Hamlet's father is either a "Spirit of Health" or a "Goblin

Damn'd." In order to do this, it is necessary to look, not at the ghost's
intentions, but at the effect of its message on Hamlet's life. If an assessment
of the ghost had to be made, it would probably be considered a "Goblin

Damn'd" rather than a "Spirit of Health," based on the disastrous
effects its words had on the course of Hamlet's life. When the Ghost utters the
fateful words "Revenge his [the Ghost's] foul and most unnatural
murder," Hamlet's life is forever changed for the worse. Not only does

Hamlet's quest for revenge divide his family and friends, but it also divides

Hamlet himself. Seems, madam? Nay, it is. I know not "seems." In the
exchange that follows this line between the Queen and Hamlet, Hamlet's distaste
over his mother and uncle's brief period of mourning becomes evident. It also
demonstrates some of Hamlet's suspicion concerning the circumstances surrounding
his father's death. This exchange, however, occurs before the Ghost reveals
itself to Hamlet. Before his encounter with the Ghost, Hamlet is only suspicious
of the new king and his mother, but after the Ghost reveals the circumstances of
its death, Hamlet is enraged. At this point, Hamlet is left with two choices: he
must either disgrace his father by taking no action, or, as dictated by custom,
he must avenge his father's murder with the death of Claudius -- the murderer.

Hamlet, being of the nobler sort, chooses the latter of the two, and so begins
his quest for revenge: Remember thee?
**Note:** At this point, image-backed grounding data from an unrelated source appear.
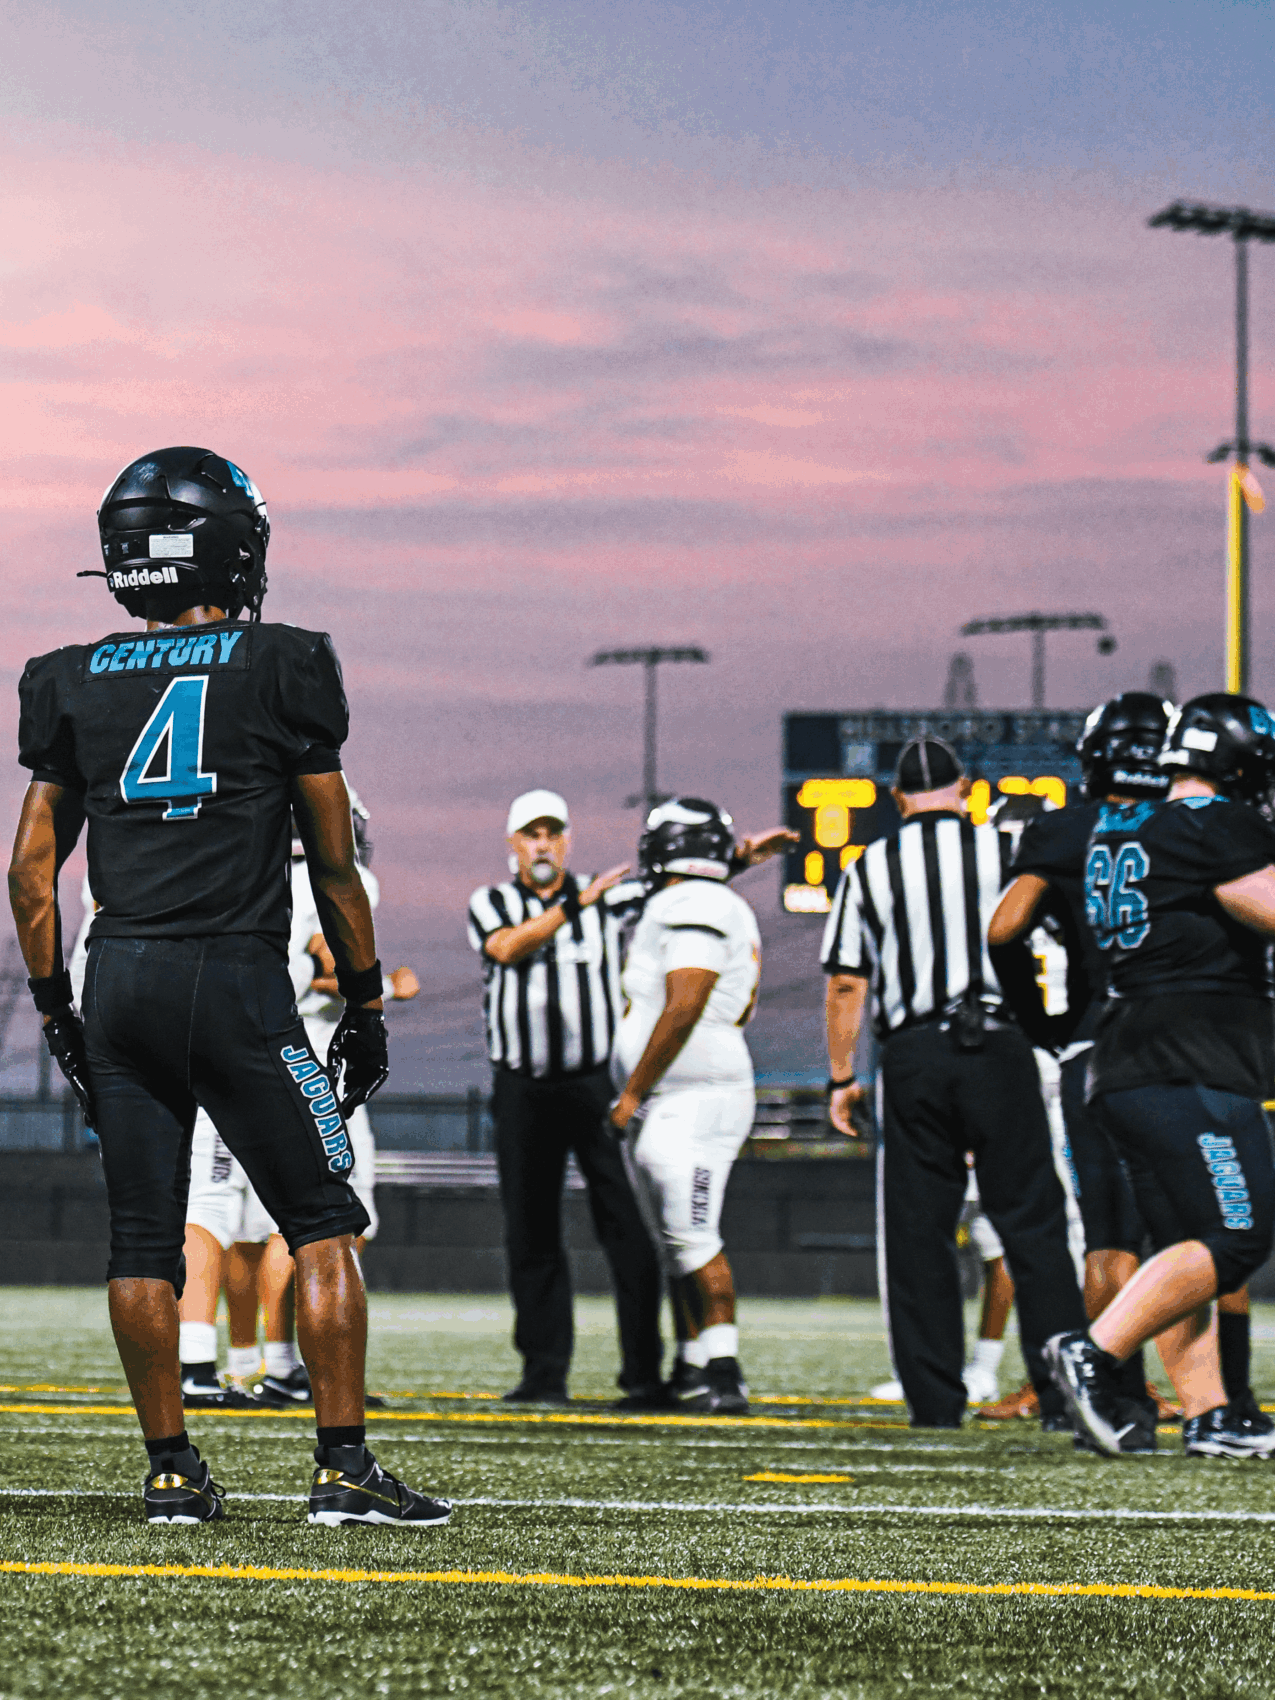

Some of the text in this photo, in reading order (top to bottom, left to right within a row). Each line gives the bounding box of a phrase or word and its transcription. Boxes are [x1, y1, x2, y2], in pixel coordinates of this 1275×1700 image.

[113, 567, 178, 589] Riddell
[89, 631, 243, 674] CENTURY
[119, 675, 217, 821] 4
[1085, 841, 1151, 949] 66
[280, 1045, 353, 1173] JAGUARS
[691, 1166, 711, 1230] VIKINGS
[1197, 1132, 1254, 1230] JAGUARS
Yea, from the table of my memory I'll wipe
away all trivial fond records,... And thy commandment all alone shall live

Within the book and volume of my brain, Unmixed with baser matter. This quest
nurtures a bitter hatred in Hamlet not only toward Claudius, but toward his
mother, the Queen, as well. Also, during the course of the play, Hamlet
mistakenly murders Polonius, thus making an enemy of Polonius' son, Laertes, and
driving his daughter, Ophelia, insane. All of these characters are eventually
lost as a direct result of the all consuming nature of vengeance. Claudius,
fearing Hamlet's wrath, constructs a trap in which he hopes to kill Hamlet by

Laertes' hand, thus securing his throne and allowing Laertes to have his
revenge. When this trap is sprung, however, the casualties include Hamlet, as
well as Laertes, Claudius, and Hamlet's mother, Gertrude. Previously, Ophelia,
having lost her wits over her father's murder, fell into a river and drowned.
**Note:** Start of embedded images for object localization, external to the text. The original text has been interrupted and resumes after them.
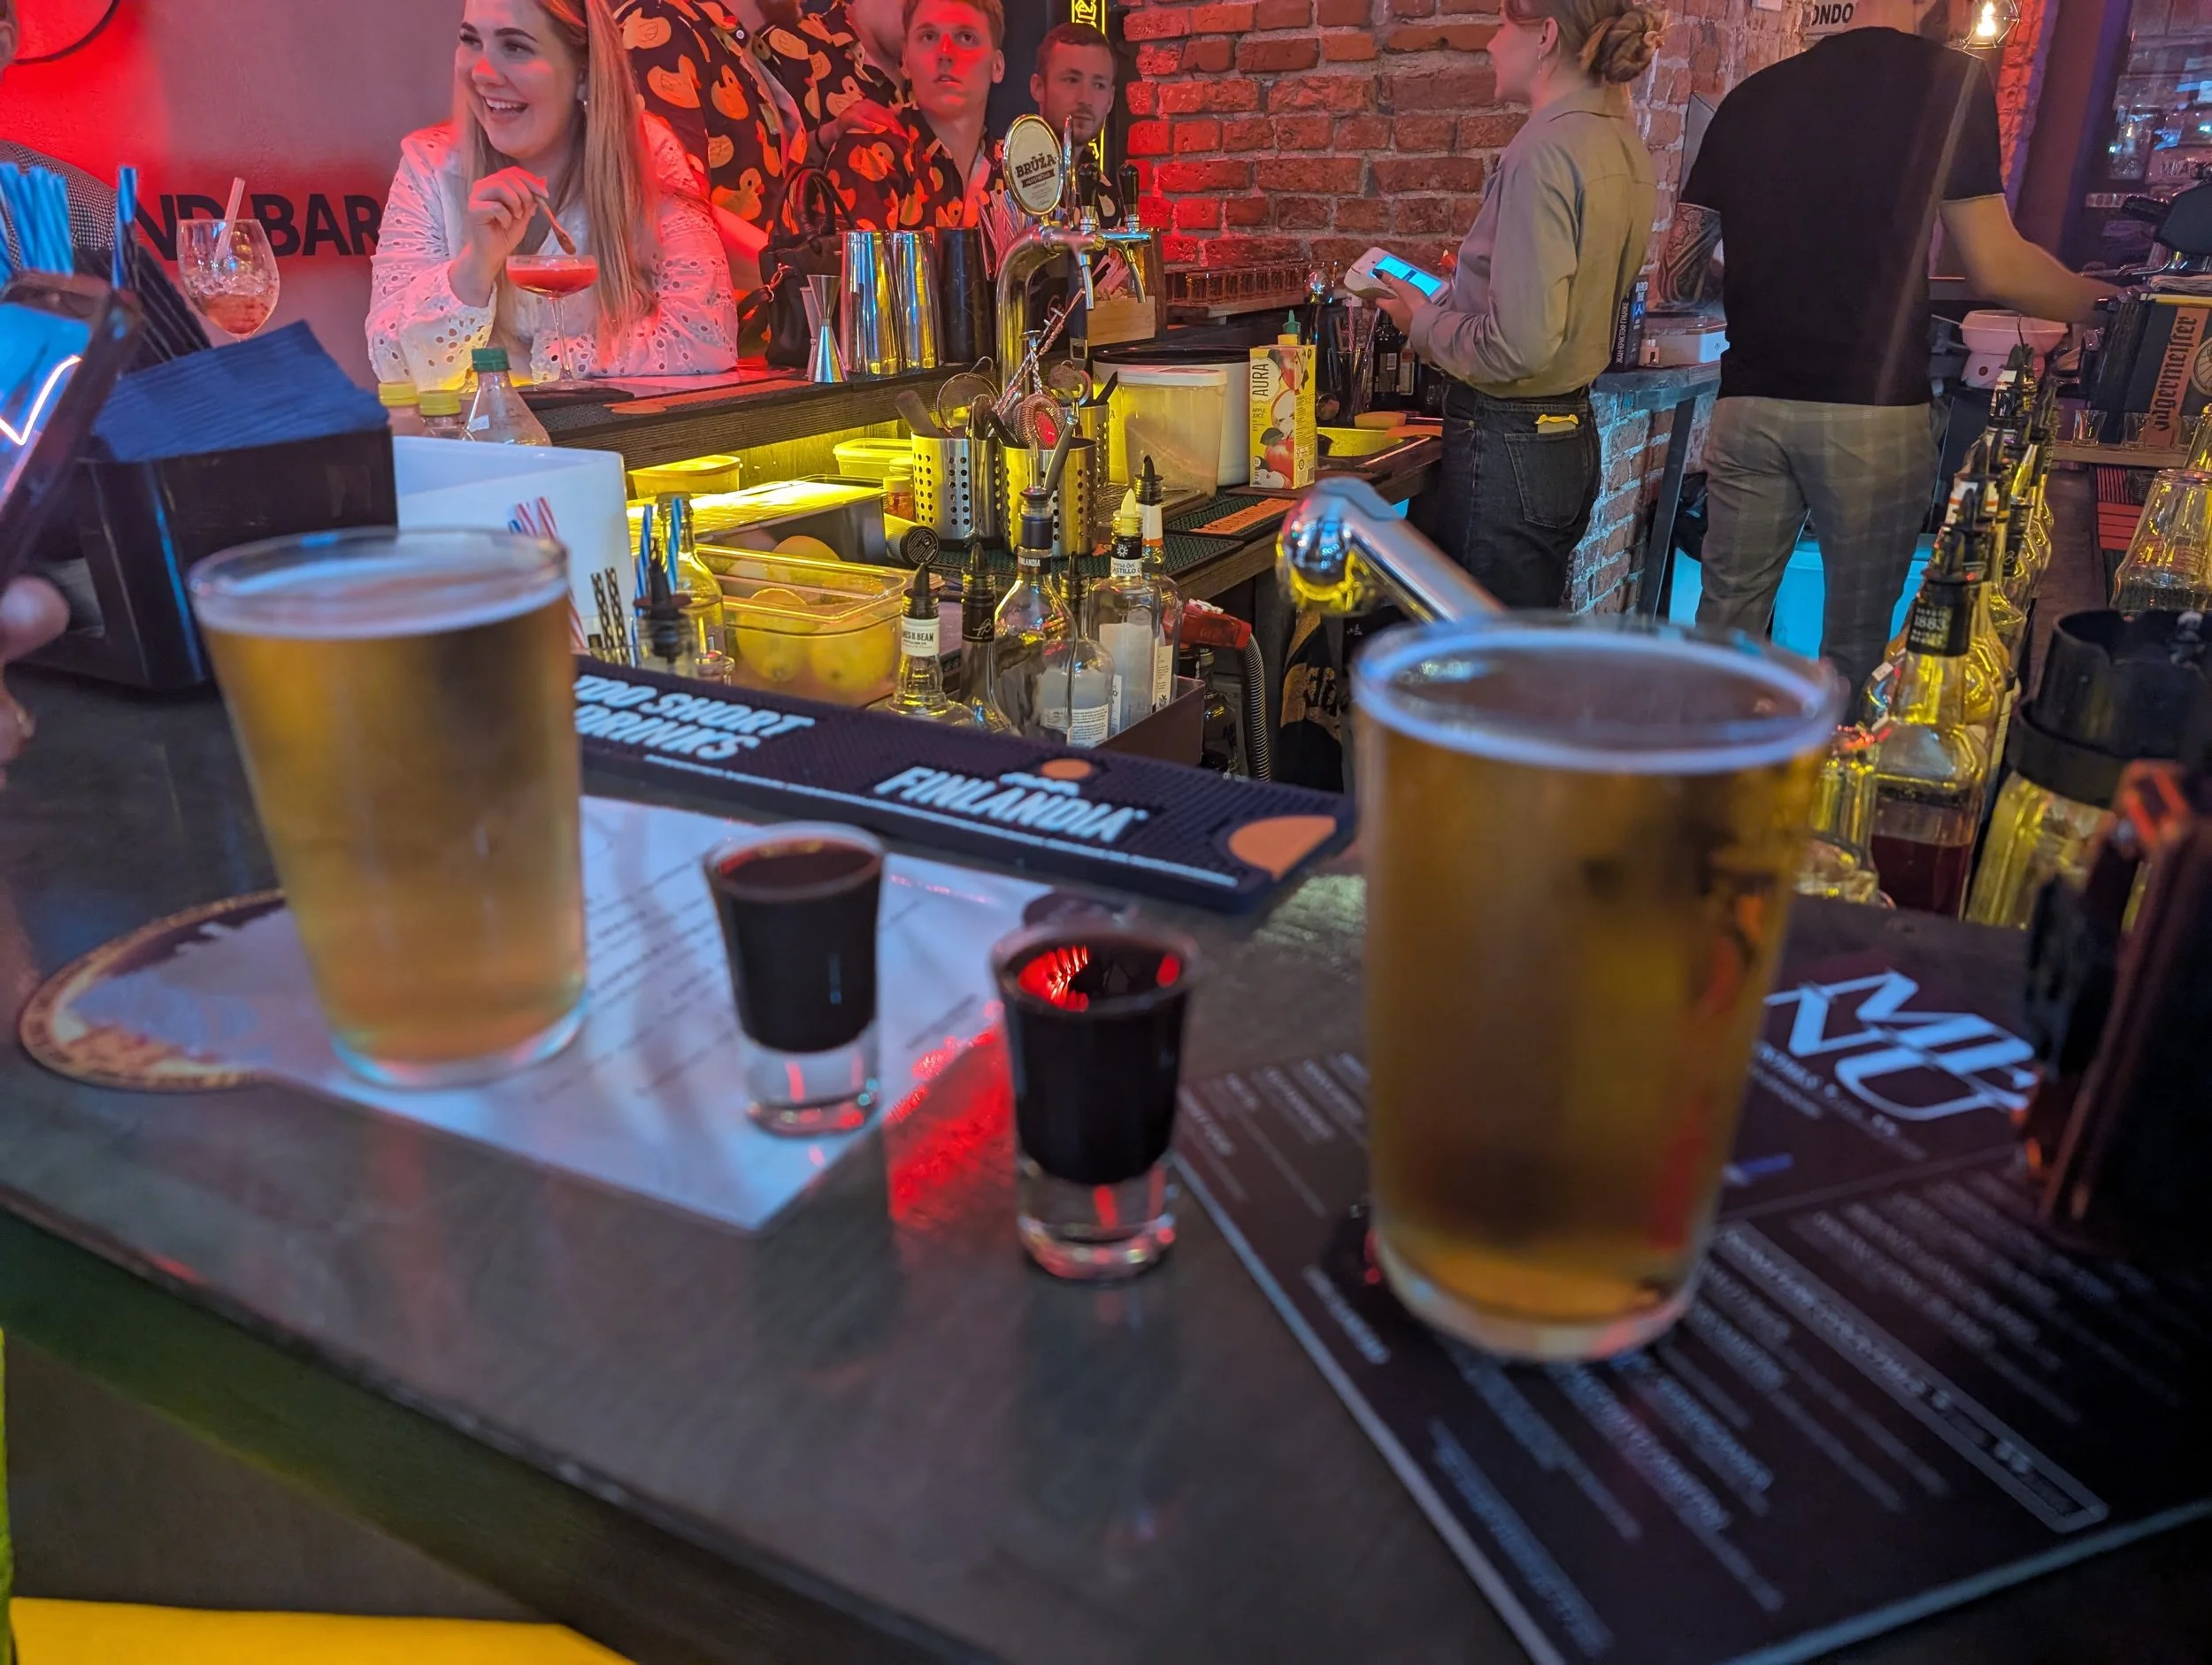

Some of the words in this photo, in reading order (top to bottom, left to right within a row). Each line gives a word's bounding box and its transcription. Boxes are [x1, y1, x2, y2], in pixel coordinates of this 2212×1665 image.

[250, 193, 381, 257] BAR
[1252, 364, 1270, 397] AURA
[917, 633, 934, 642] BEAM
[637, 692, 815, 737] SHORT
[872, 765, 1136, 843] FINLANDIA
When Hamlet discovers this news while in the graveyard, it causes him great
pain: I loved Ophelia. Forty thousand brothers Could not with all their quantity
of love Make up my sum. Hamlet's continuous pursuit of revenge to satisfy the
demands of the Ghost, eventually leads him to his death and the death of those
around him. The Ghost's demand for revenge also leads to a conflict within

Hamlet himself. This internal conflict is the result of the struggle between
what Hamlet feels is his duty, and his inability to perform that duty.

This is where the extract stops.